Today’s trading scenario motivated me to update my tariff crash trading plan as follows:
- Do not chase an oversold bounce higher.
- On or after a follow-through day, look to buy a pullback above the presumed sustainable low.
- Target next overhead resistance to take profits
- Stop out of the position below the presumed low. Redeploy the cash for the next oversold setup.
- Size position according to the upside potential versus the downside risk as described above using risk tolerance and trading horizon.
- Be extremely cautious as earnings season approaches: the current market and economic chaos will likely deliver plenty of earnings warnings and disappointing earnings guidance.
Further below, I provide a live example with one of the potential trades I discussed in the last blog post.

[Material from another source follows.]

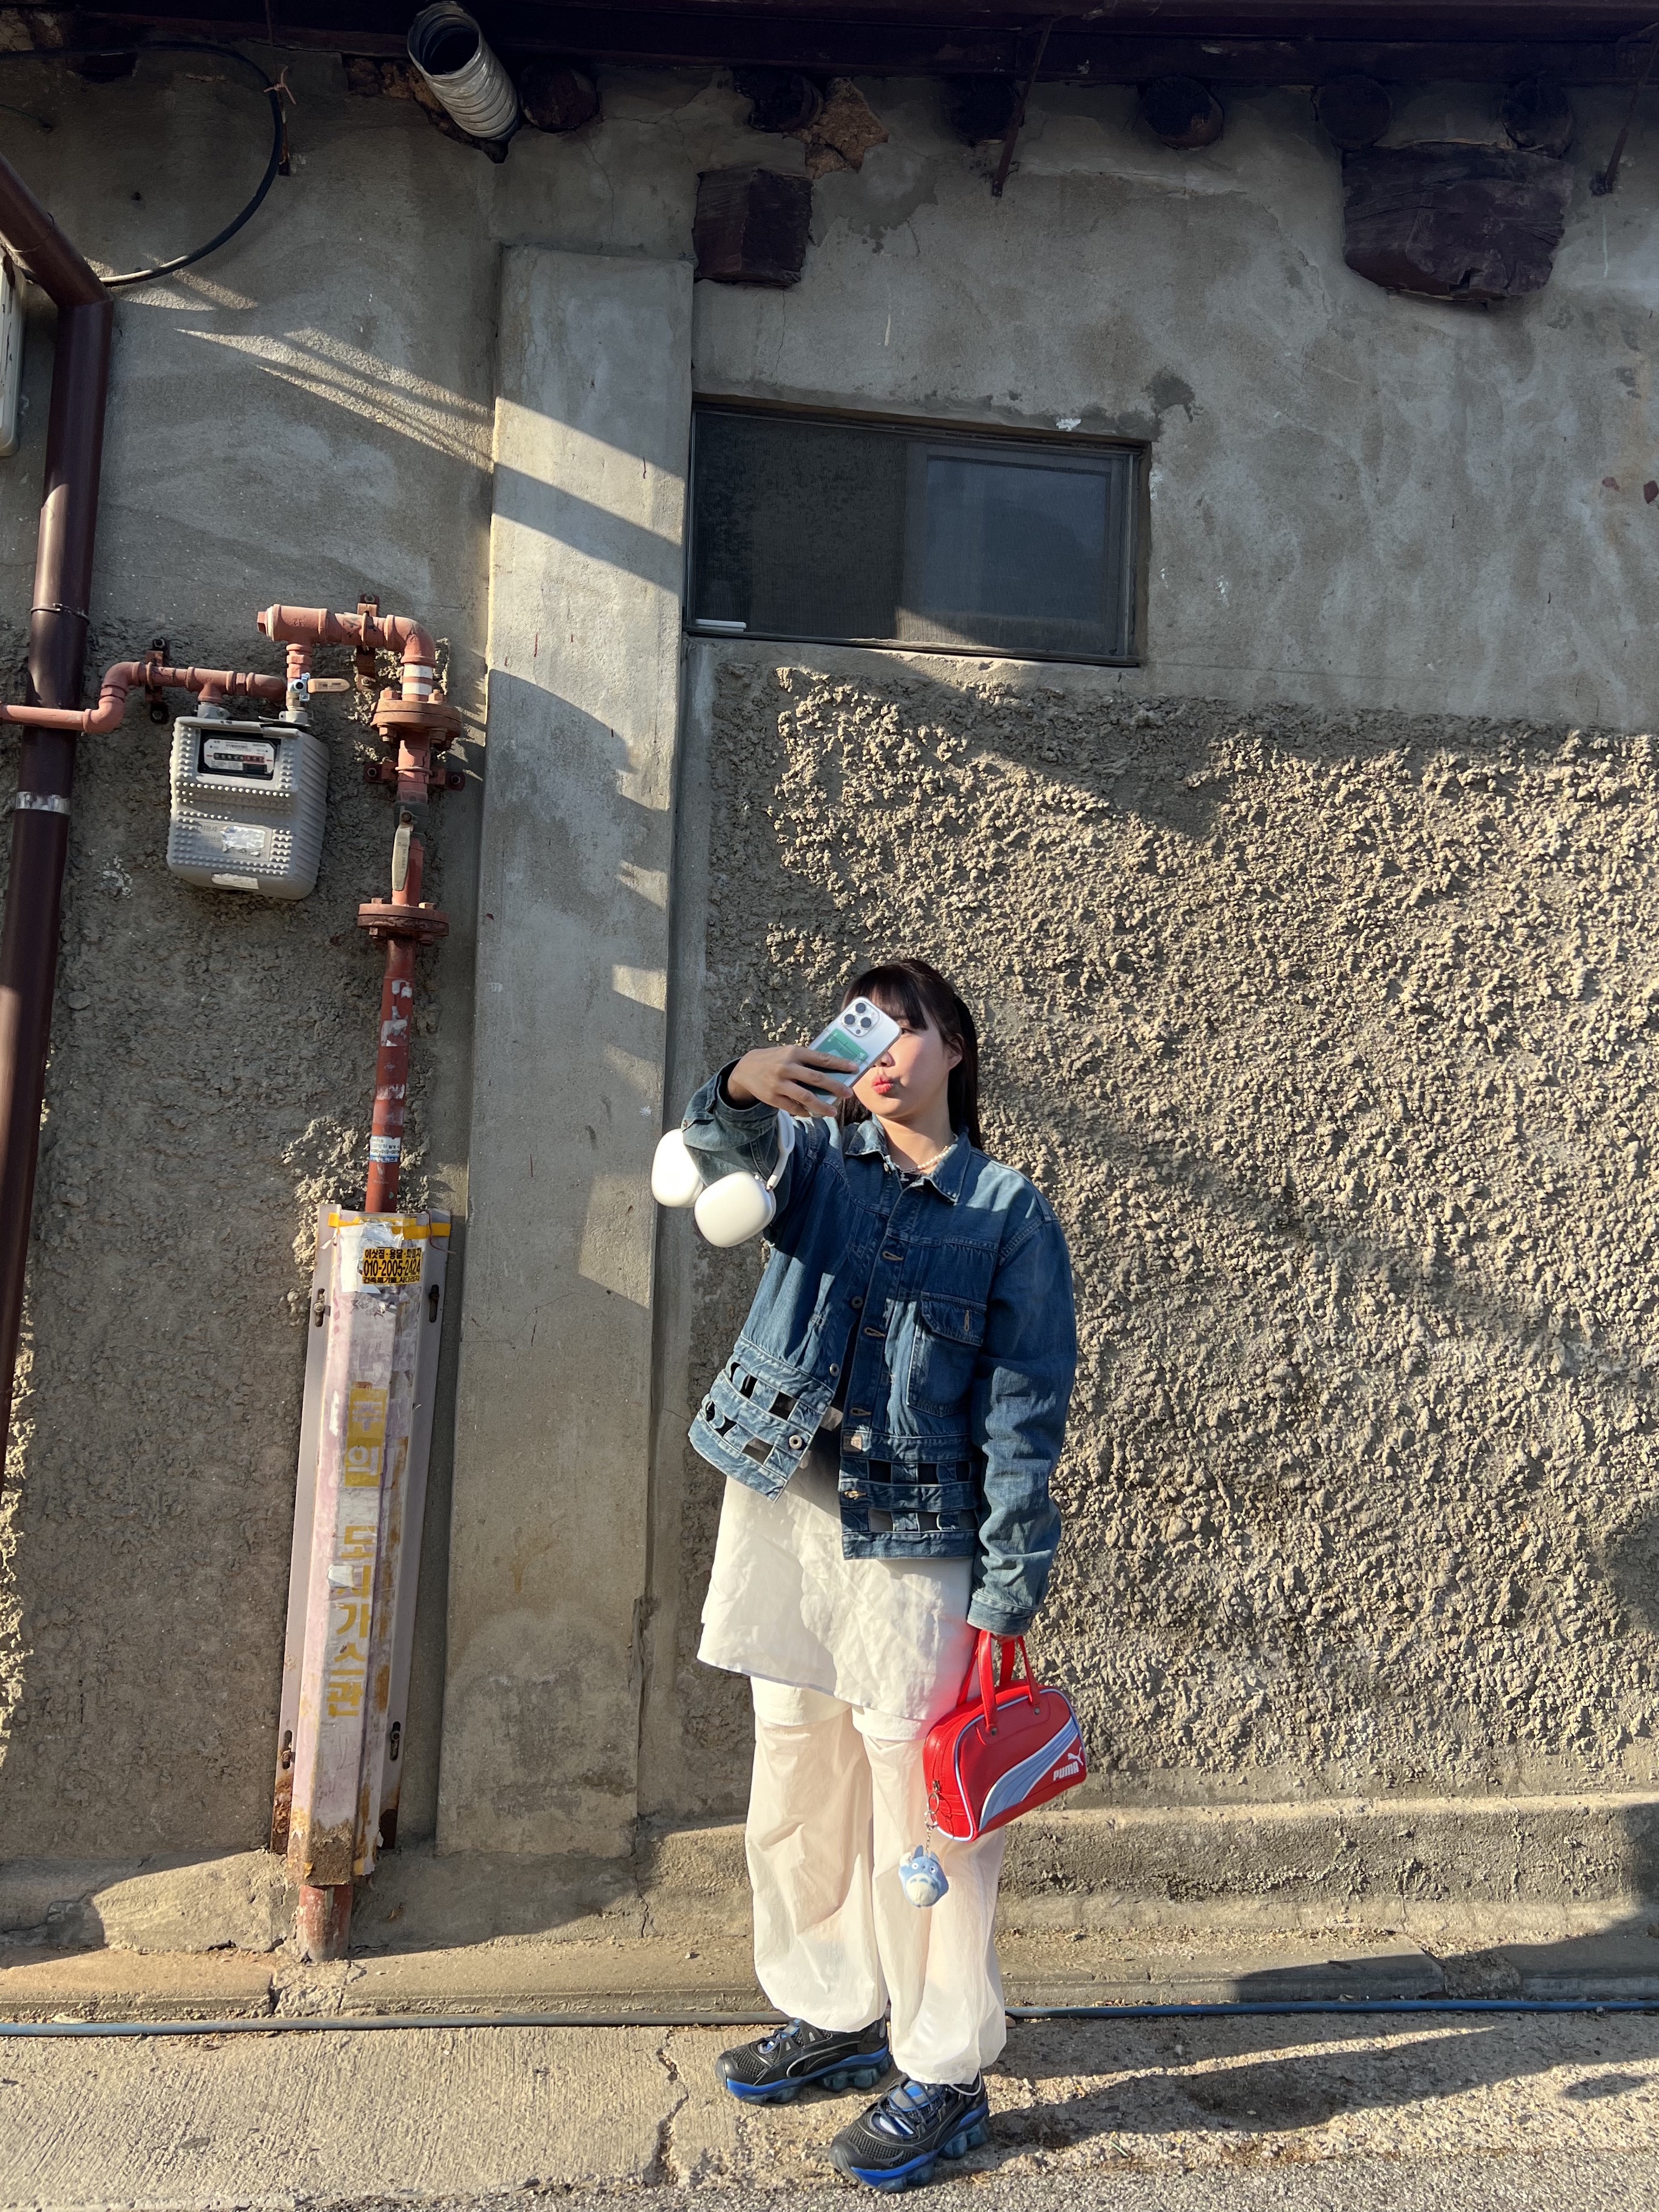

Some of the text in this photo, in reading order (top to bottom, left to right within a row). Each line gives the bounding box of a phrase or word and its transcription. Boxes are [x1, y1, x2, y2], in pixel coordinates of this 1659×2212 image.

[364, 1259, 420, 1276] 010-2005-2424
[348, 1401, 383, 1475] 주의
[1053, 1761, 1079, 1782] PUMA

For longer-term holdings, I continue to accumulate small amounts of shares with a focus on ETFs.
The Stock Market Indices
S&P 500 (SPY)
The S&P 500 opened with a gap higher and posted gains for the first 45 minutes before selling off for the rest of the day. The index lost 1.6% but held above yesterday’s intraday low, keeping the sustainable low intact. The 20% decline from all-time highs remains a looming target and the conventional bear market definition is still beckoning.
NASDAQ (COMPQ)
The NASDAQ initially gapped right up to the 20% threshold for the conventional definition of a bear market but quickly reversed on the latest tariff news. This failure at resistance is a first glimpse of the challenge ahead for future bounces from oversold conditions. The tech laden index lost 2.2% for the day, yet remained above yesterday’s intraday low.
The iShares Russell 2000 ETF (IWM)
IWM mirrored the broader indices, reversing its opening gains and closing the day without violating the prior intraday low. The ETF of small caps still has its pre-pandemic high as a key level of potential support.

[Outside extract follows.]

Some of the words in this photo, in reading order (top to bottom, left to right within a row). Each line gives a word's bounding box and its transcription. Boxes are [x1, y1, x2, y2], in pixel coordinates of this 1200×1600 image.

The Short-Term Trading Call With Chaos
- AT50 (MMFI) = 5.5% of stocks are trading above their respective 50-day moving averages (Day #4 oversold)
- AT200 (MMTH) = 15.0% of stocks are trading above their respective 200-day moving averages
- Short-term Trading Call: bullish
AT50 (MMFI), the percentage of stocks trading above their respective 50-day moving averages (DMAs), closed at 5.5%, just about the previous day’s intraday low. At this stage, further downside in market breadth offers little information value, as nearly the entire market is already oversold. What matters now is duration—the longer this oversold condition persists, the worse the implications for future performance. The chart below shows that if oversold conditions ended at 4 trading days, the S&P 500 is expected to gain around 1% over the duration of the oversold period. Also at 4 days this oversold period is already beyond the median duration (3.5 days) of oversold periods. Past 10 days and the market is really in trouble.

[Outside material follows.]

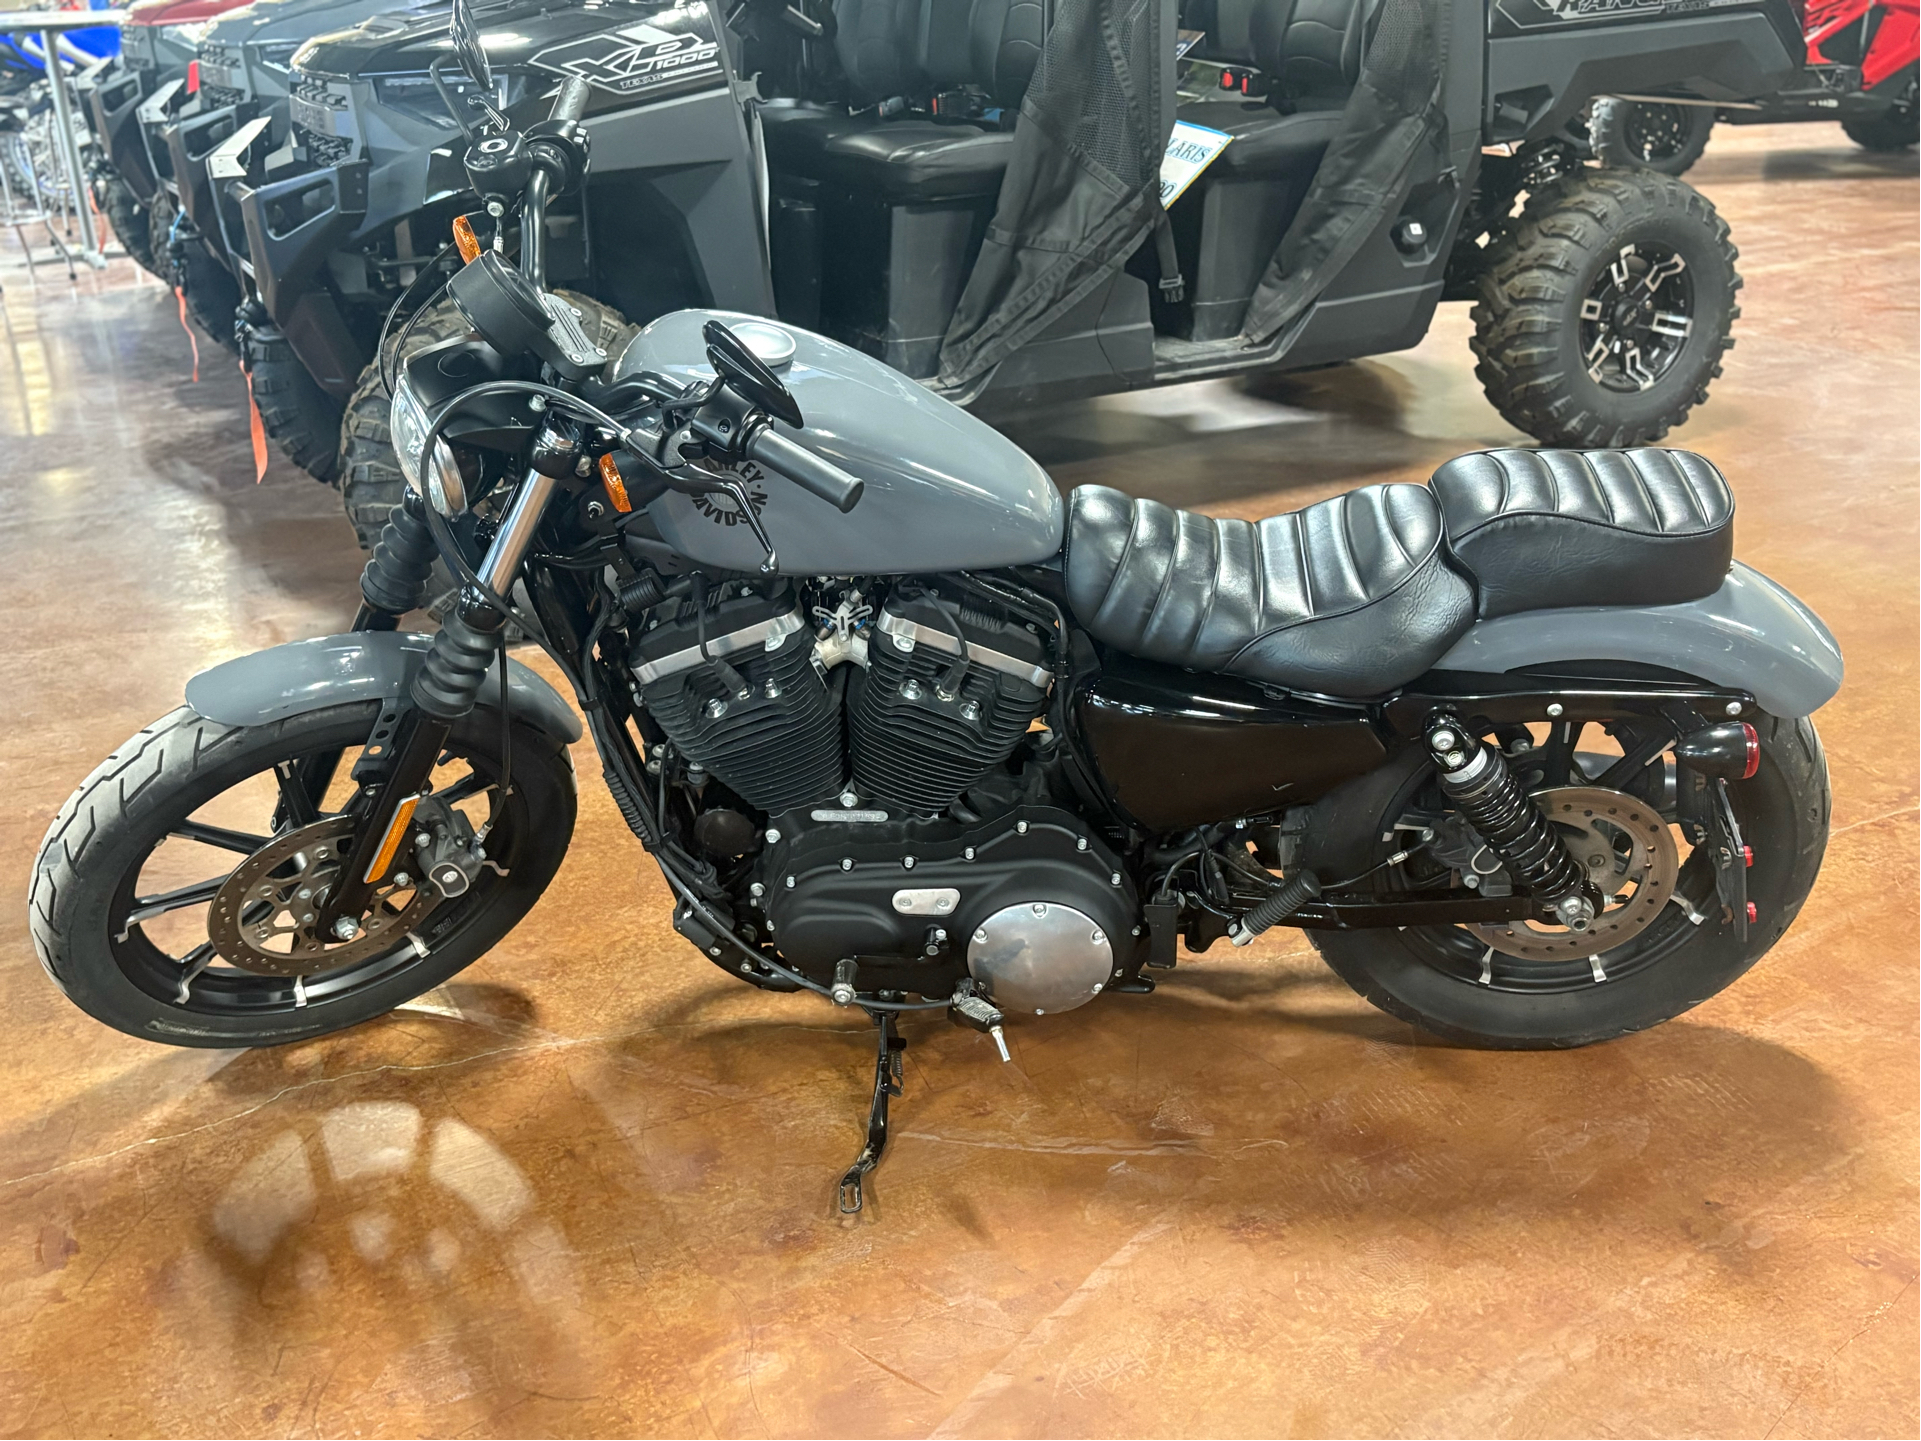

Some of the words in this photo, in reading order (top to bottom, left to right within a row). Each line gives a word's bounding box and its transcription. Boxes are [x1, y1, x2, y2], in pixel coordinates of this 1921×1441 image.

[656, 47, 717, 70] 1000
[1166, 138, 1212, 164] LARIS
[703, 458, 764, 483] ALEY
[690, 491, 768, 526] AVIDSN

The VIX initially showed signs of implosion—key to confirming a sustainable low—but reversed higher with the tariff news. I need to see the VIX close lower on a volatility implosion to confirm a sustainable low. (As a reminder, I can only use these technicals to identify a sustainable low. THE final bottom is only known with hindsight).
The Equities: In Chaos
Flex Ltd. (FLEX)
I bought shares in FLEX based on the bullish engulfing setup I discussed in my previous post. My execution provides an example of my addendum on the tariff crash trading plan in the midst of chaos.
FLEX gapped up 4.7% and traded as high as 7.7%. I feared that the stock was getting away from me, but I resisted chasing FLEX higher; sharp oversold bounces are prone to sharp reversals. Instead, I placed a limit order right in the middle of the gap at $28.50, hoping for an intraday pullback (I did not want to miss the opportunity while I was away from the stock market). I also reduced my initial target number of shares to accommodate the potential stop loss below the low of the bullish engulfing pattern. The resumption of the tariff crash sent FLEX right through my limit order and a 1.0% loss on the day for FLEX. Given the extreme length of the bullish engulfing candle, I will consider adding to my position on a further pullback to the midpoint of that candle, keeping the same stop loss point.
International Business Machines Corporation (IBM)
IBM remained above its 200DMA and now enters my buy list among AI-related stocks, particularly as one of the few stocks left in the market still holding this important long-term line of support. I only like IBM if it holds above its 200DMA.
iShares 20+ Year Treasury Bond ETF (TLT)
TLT broke below a previous long-standing trading range, reflecting a sharp rise in long-term yields since Friday. Rising rates and falling stocks form a toxic combination. I took minimal profits in my existing TLT put options. It never occurred to me accumulate more put options after TLT gapped above its 200DMA or even after it sharply reversed. Next time around I will try to exercise more patience before buying put options to fade a TLT rally.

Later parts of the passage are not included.